The engineers involved were concerned about the impact fuze functioning on “set back” within the mortar tube, so they added an additional safety mechanism (which I won’t describe here) and this was was built in to the fuze for subsequent trials. The second set of trials took place near Kells in County Meath.  After firing a live shell with the new safety feature which then failed to function on impact, an argument ensued between Furlong and McHugh.  Matt Furlong insisted on removing the additional safety feature and firing the mortar as originally designed. McHugh, nervous, stepped a few yards away.   The others retreated. As the mortar bomb was launched it did indeed explode in the tube, severely injuring Matt Furlong, who later died in hospital.

The loss of the mortar was seen as a significant blow to the IRA in Dublin who had expected to be able to mortar British positions and barracks with impunity mounting the mortar on the back of a vehicle, a tactic that they applied successfully 60 years later in the North.

198 Parnell St in Dublin then upped its production of grenades and became a significant munitions store – because it was no longer possible to conceal the product, a steel plate was fitted behind the shop counter and a pistol and grenades kept at the counter itself.  In the end the British came across the munition factory and store by accident when no-one was there.

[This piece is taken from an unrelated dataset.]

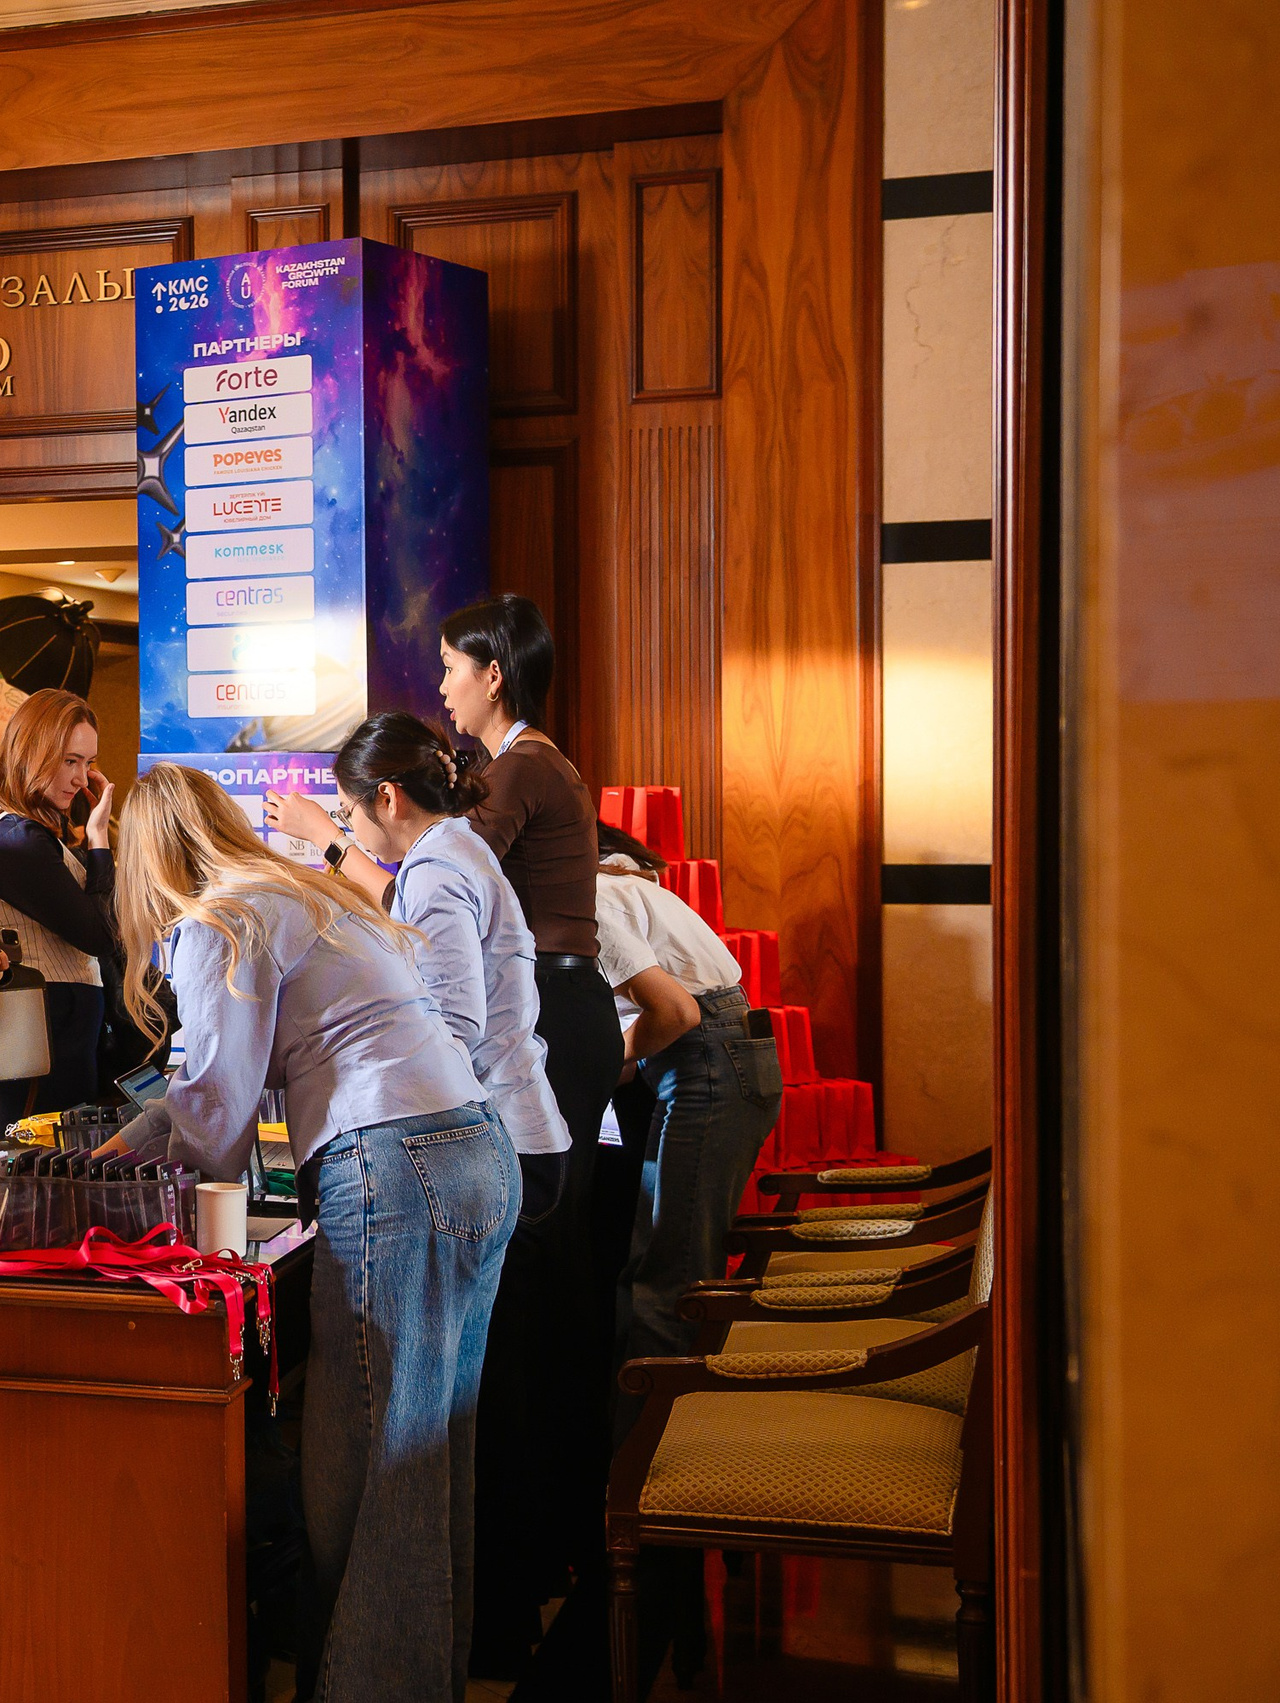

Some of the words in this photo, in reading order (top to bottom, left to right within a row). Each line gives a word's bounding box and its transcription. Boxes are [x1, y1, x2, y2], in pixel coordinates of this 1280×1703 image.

British Forces outside the bicycle shop after the raid.

Other grenade production facilities were established in 1921, with a production capacity of 1000 per week. Later production facilities became even more industrial with revised casting technology improving manufacture.  Security too, improved. Every production facility was emptied as work finished so any raids would be inconclusive.  Finished munitions were kept in hides, and there was a full time organisation to move them around the city. Faked books to disguise legitimate production runs of legal products were generated, and secret dumps of reserve material were established. McHugh claimed to have personal knowledge of still extant dumps from that time even in 1952 “just in case”.

In 1922 work began on a new IRA mortar, this time based on an oxygen gas cylinder (I kid you not!). The cylinder was used for a barrel, and the mortar bombs were cast iron, pear shaped with 4 fins. The launch tripod was fitted with a quadrant and pendulum to set the angle. The propellant was a shotgun cartridge, again with an augmenting charge of blackpowder. (In 1997 I was still encountering improvised mortars using a blackpowder charge).  Trials were undertaken in late 1922 outside Buttevant Barracks. The mortar bombs launched, tumbling as they reached full height then fell nose first.  The mortar was used by the IRA in an action against Free State forces in Kilmallock and again at Macroom.